FLASHBACK – Good breeding: Darwin doubted his own family’s “fitness.”

James Moore
Natural History via Find Articles
Nov, 2005

Brought up in a provincial market town, Charles Darwin lived for forty years in rural Kent, where he raised a large family. The English countryside was his natural habitat, a world of gentleman farmers devoted to breeding livestock, flowers, fruit–and people. His paternal grandfather, Erasmus Darwin, was a noted horticulturalist, and his maternal grandfather, Josiah Wedgwood I, who raised sheep, improved the flocks with hundreds of Merinos. “It is a beautiful part of my theory,” Charles jotted, when developing his ideas on evolution, “that domesticated races … are made by precisely [the] same means as species.” Breeders decided which animals mate and which offspring survive–this was “artificial selection.” Nature, in Darwin’s view, did the same thing through the struggle for existence: he called it “natural selection.”
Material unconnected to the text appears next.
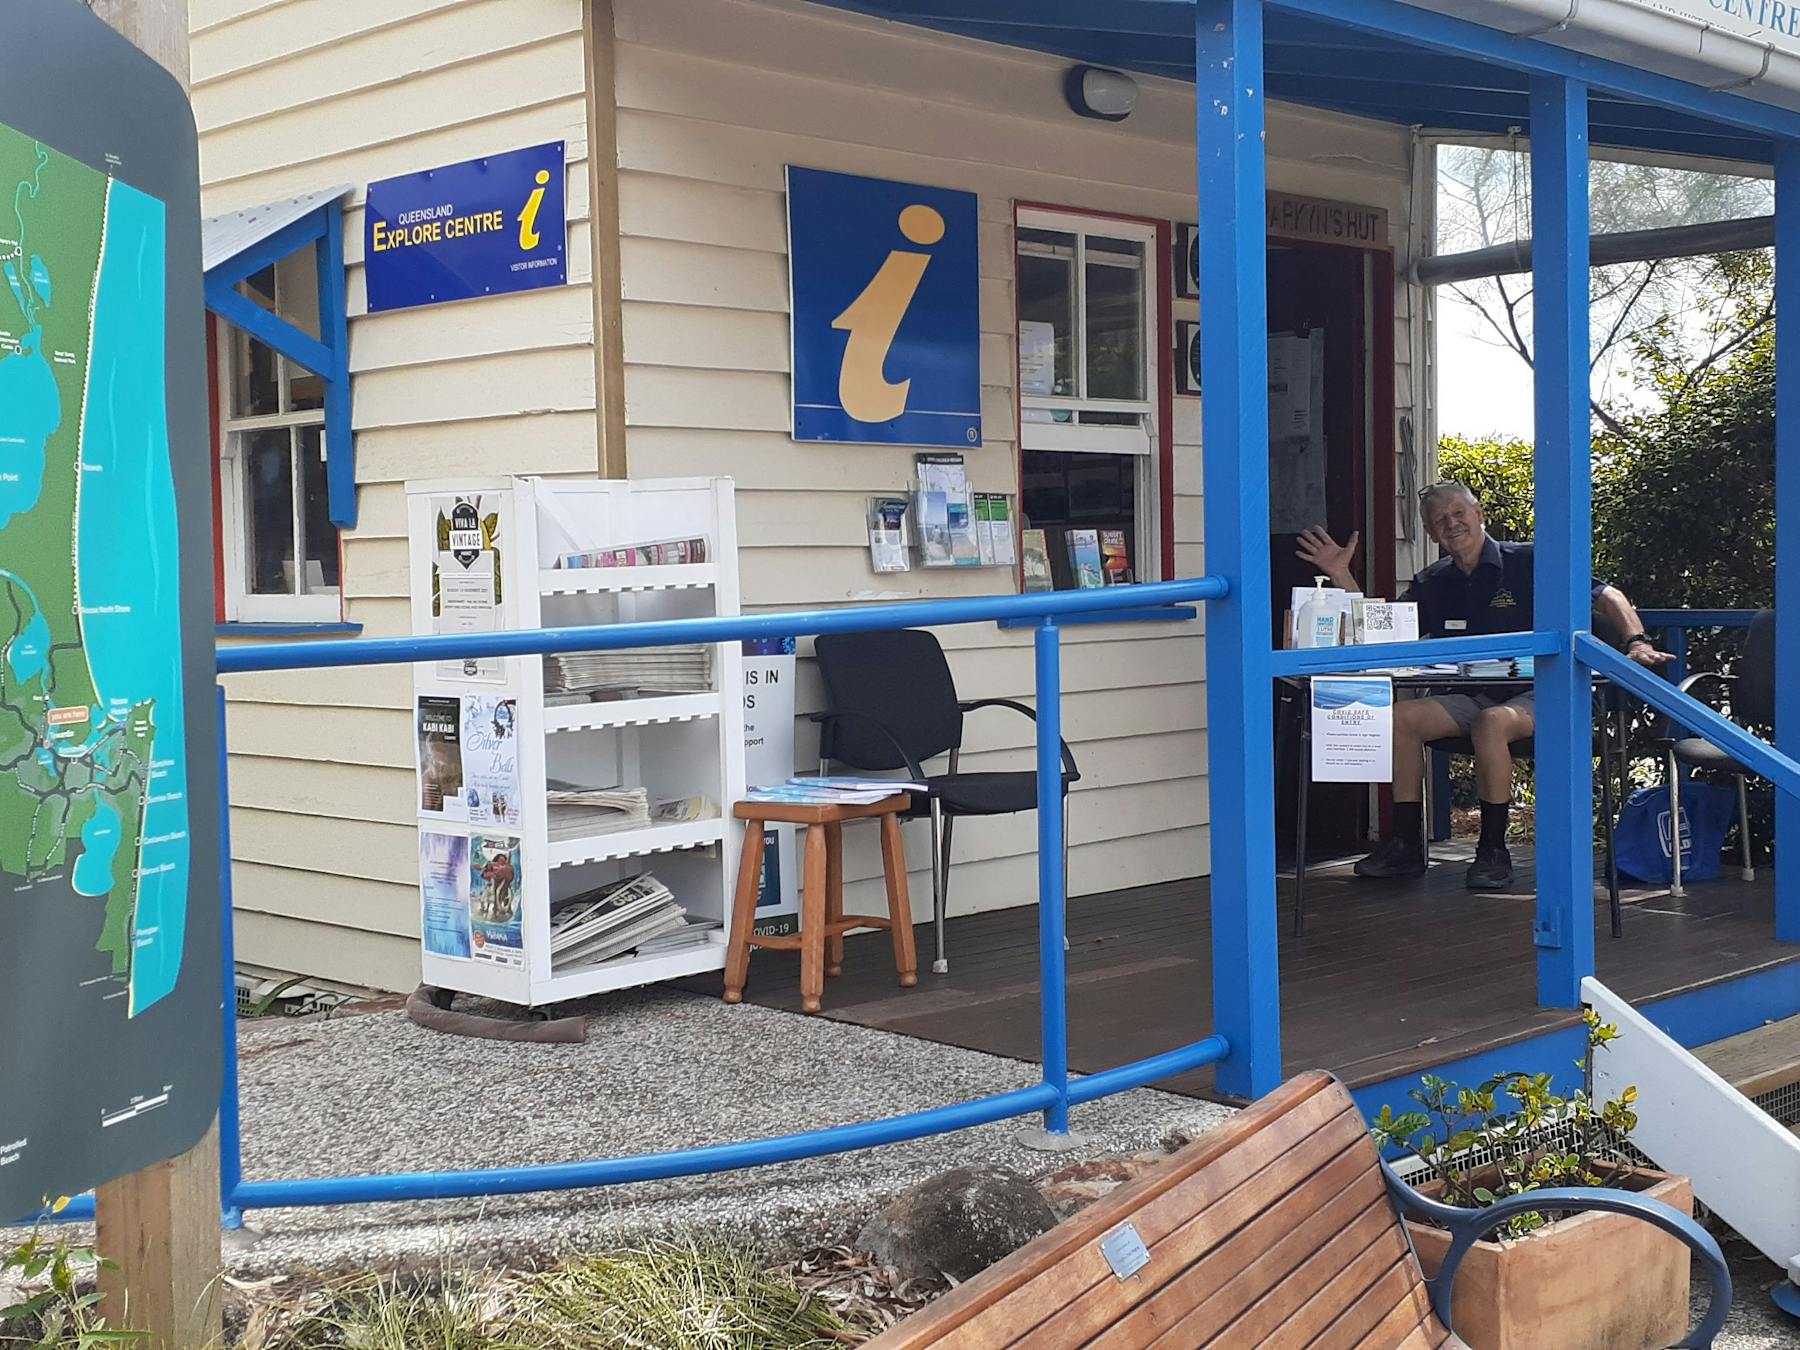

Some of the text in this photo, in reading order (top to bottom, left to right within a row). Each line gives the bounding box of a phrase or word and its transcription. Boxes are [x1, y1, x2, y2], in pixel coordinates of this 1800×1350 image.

Ironically, some of the problems caused by inbreeding, which Darwin had heard about from farmers, threatened to play out in his own family. In 1839, as he turned thirty, did Charles select well in choosing a mate? His betrothed, Emma Wedgwood, was his first cousin. The Darwin and Wedgwood families had intermarried for some time (I call them the Darwoods, for short). Charles’s grandfather Josiah had eight children with his third cousin Sarah. Their eldest daughter, Susannah, married Robert Darwin, a noted physician; Charles was the fifth of Robert and Susannah’s six children. Josiah and Sarah’s second-eldest son, Josiah II, fathered nine children, four of whom, Emma Wedgwood Darwin among them, married first cousins.